Le 19 novembre 2025 sort en salles Franz K., le nouveau film d’Agnieszka Holland. Plus qu’un simple biopic consacré à l’un des écrivains majeurs du XXᵉ siècle, le film établit un dialogue entre l’homme secret qu’était Franz Kafka et la trace qu’il laisse dans notre monde contemporain.
Fascinée depuis son adolescence par l’auteur de La Métamorphose, Agnieszka Holland semblait toute désignée pour lui rendre hommage. Ancienne élève de l’école de cinéma de Prague, la réalisatrice polonaise, connue pour son cinéma humaniste et engagé (Europa Europa, Le Procès de l’herboriste), s’attaque ici à un monument littéraire.
L’idée du film est née après deux tournages à Prague, durant lesquels Holland a ressenti le besoin de retrouver la présence vivante de Kafka : le faire revenir parmi nous, ou lui faire voir le futur . Le résultat n’est pas une reconstitution académique, mais une exploration sensible, presque spirituelle, de l’écrivain et de son regard sur le monde.
Après avoir adapté Le Procès pour la télévision dans les années 1980, Holland revient à Kafka en choisissant une approche immersive et fragmentée. Franz K. ne suit pas un déroulé linéaire : les spectateur.ices pénètrent dans la tête de l’écrivain, entre ses angoisses, ses visions et ses moments de lucidité.
Les proches de Kafka s’adressent directement à la caméra, brouillant la frontière entre fiction et documentaire. Les scènes intimes alternent avec des images mentales où se déploie la perception kafkaïenne de l’existence, ce mélange d’absurde, de terreur et de beauté. À travers ces dispositifs, Holland parvient à rendre visible l’invisible : l’intériorité d’un génie hanté par ses mots.
Le film ne se limite pas à la reconstitution de la Prague du début du XXᵉ siècle. Holland fait surgir le présent : des guides de musée, des touristes et des langues multiples, allemand, tchèque, anglais, japonais, yiddish, témoignent de l’universalité et de la vitalité de l’œuvre kafkaïenne.
Cette pluralité illustre comment Kafka, mort presque inconnu, est devenu un symbole mondial de la condition humaine. S’appuyant sur une lecture minutieuse de sa correspondance, notamment les lettres publiées par Max Brod, la réalisatrice dresse un portrait à la fois ambigu, fragile et profondément fidèle.
Franz K. nous fait voyager entre passé et présent, révélant le poids de l’Histoire sur la mémoire de l’écrivain, notamment à travers la mort de la sœur bien-aimée de Franz, Ottla, victime de la Shoah.

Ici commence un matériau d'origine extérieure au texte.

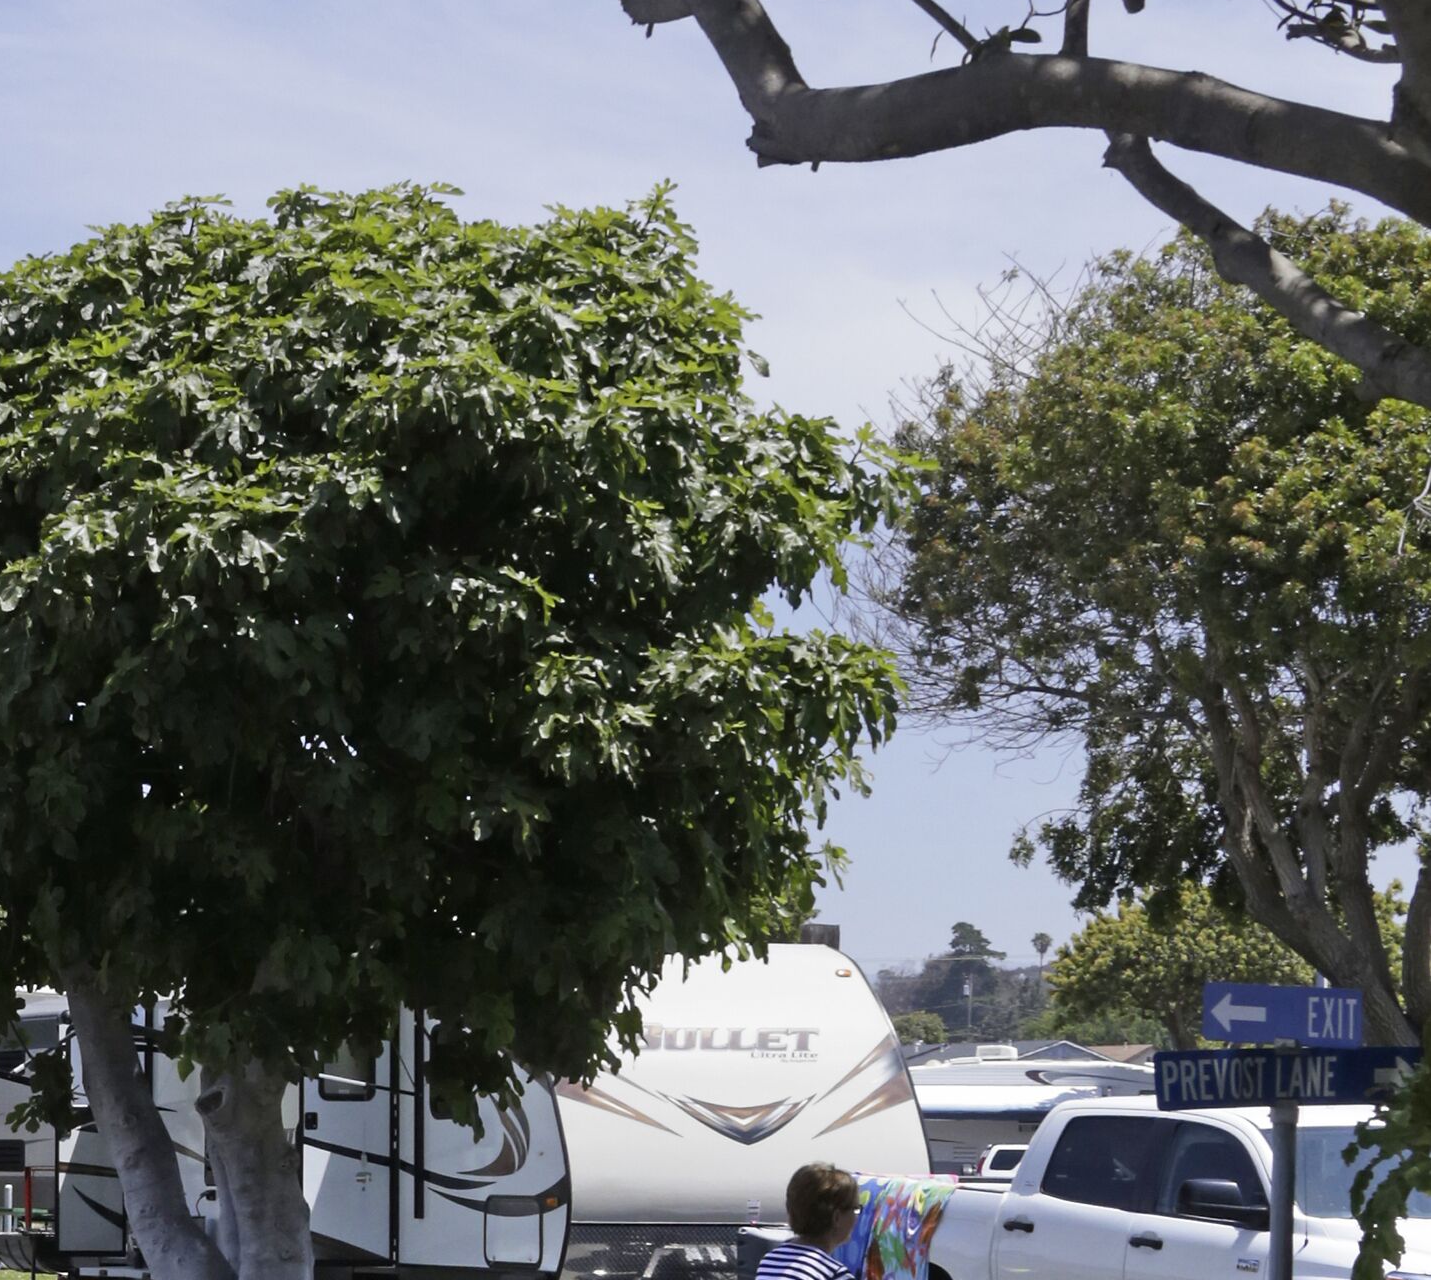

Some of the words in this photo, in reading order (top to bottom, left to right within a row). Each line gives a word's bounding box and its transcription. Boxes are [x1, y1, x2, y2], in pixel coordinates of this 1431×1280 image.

[1307, 996, 1358, 1040] EXIT
[1161, 1057, 1267, 1102] PREVOST
[1275, 1056, 1338, 1098] LANE
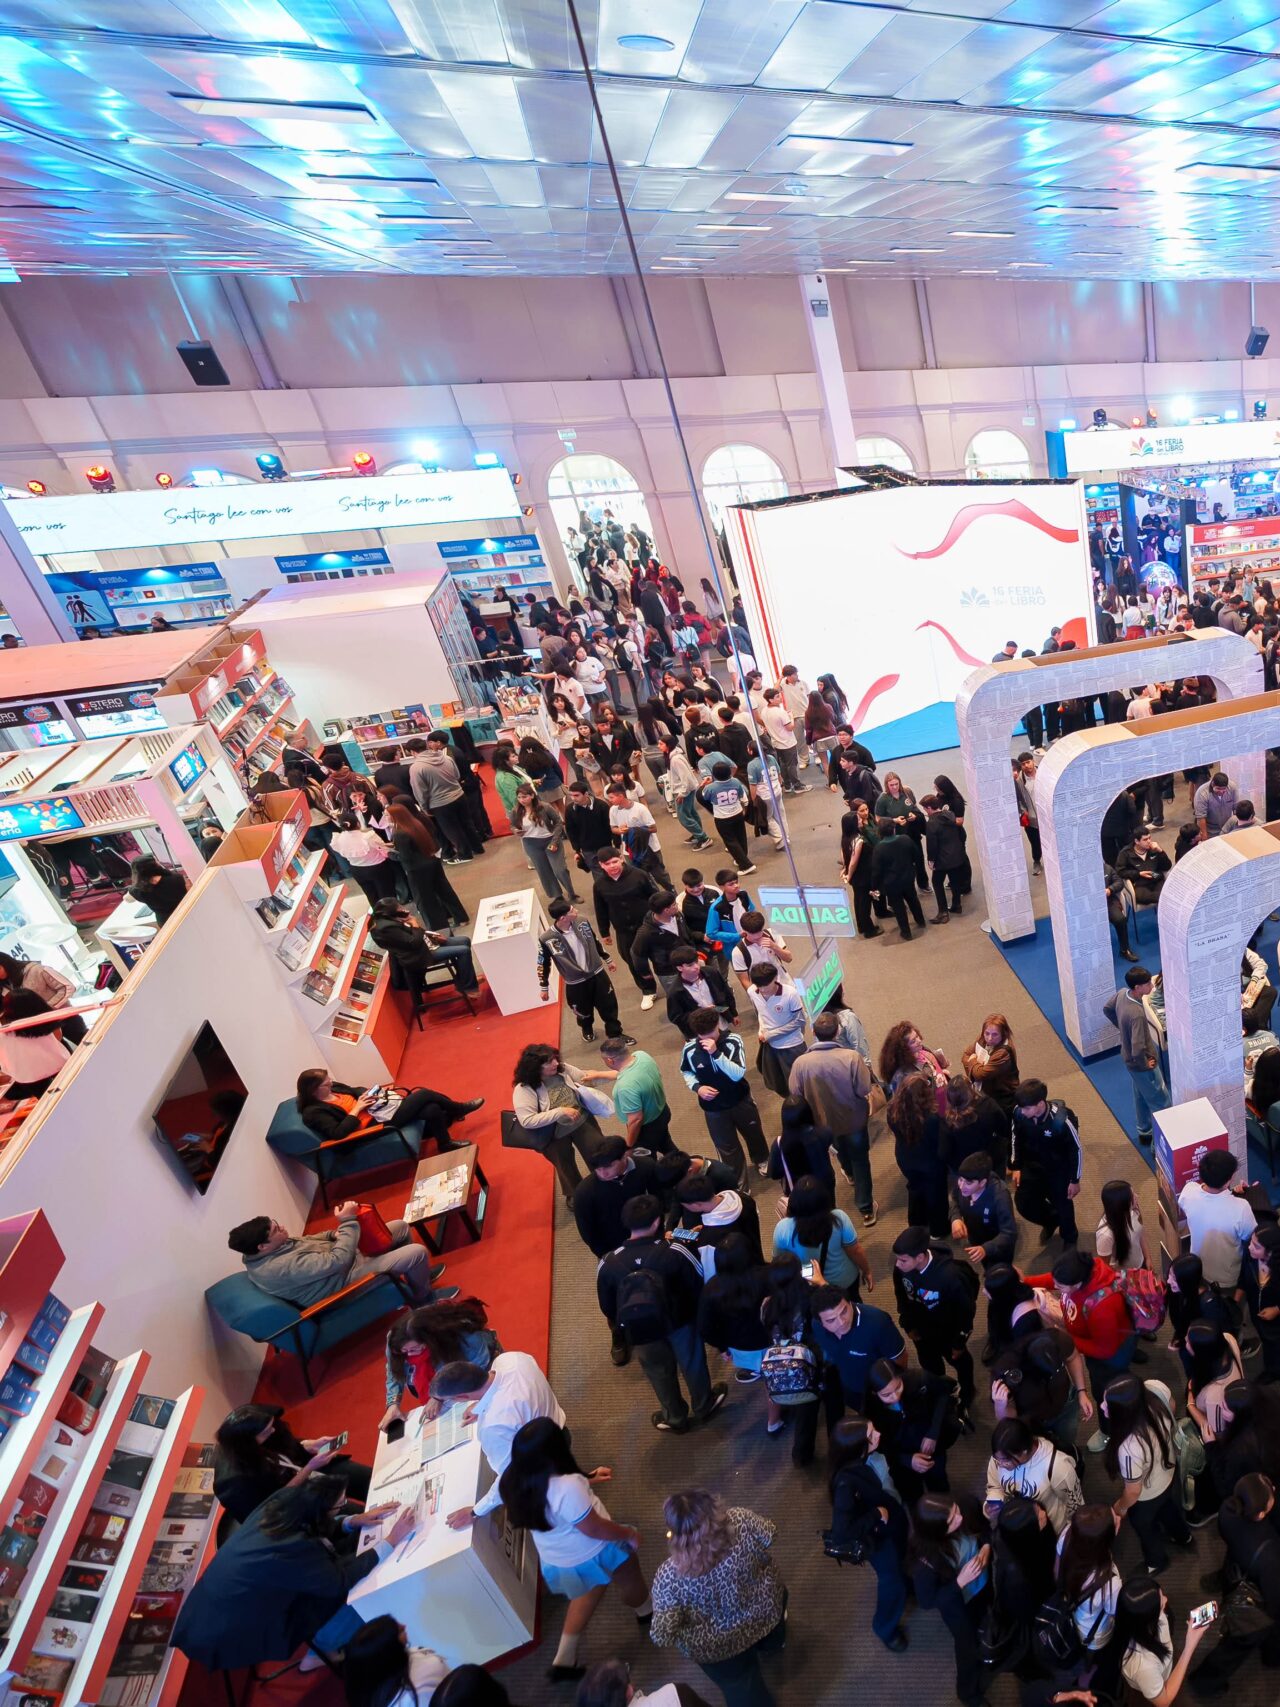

Ce contexte tragique donne une résonance nouvelle à l’œuvre de Kafka : son sentiment d’oppression, son rapport au père, sa quête de liberté. On retient surtout que Kafka vivait pour écrire, convaincu que chaque mot pesait autant qu’une vie. Emporté par la tuberculose en 1924, il laisse derrière lui une œuvre majeure, prophétique, qui continue de parler à notre époque.
Avec Franz K., Agnieszka Holland signe un film profond, vibrant et nécessaire, qui redonne à Kafka sa voix d’être humain avant celle du mythe.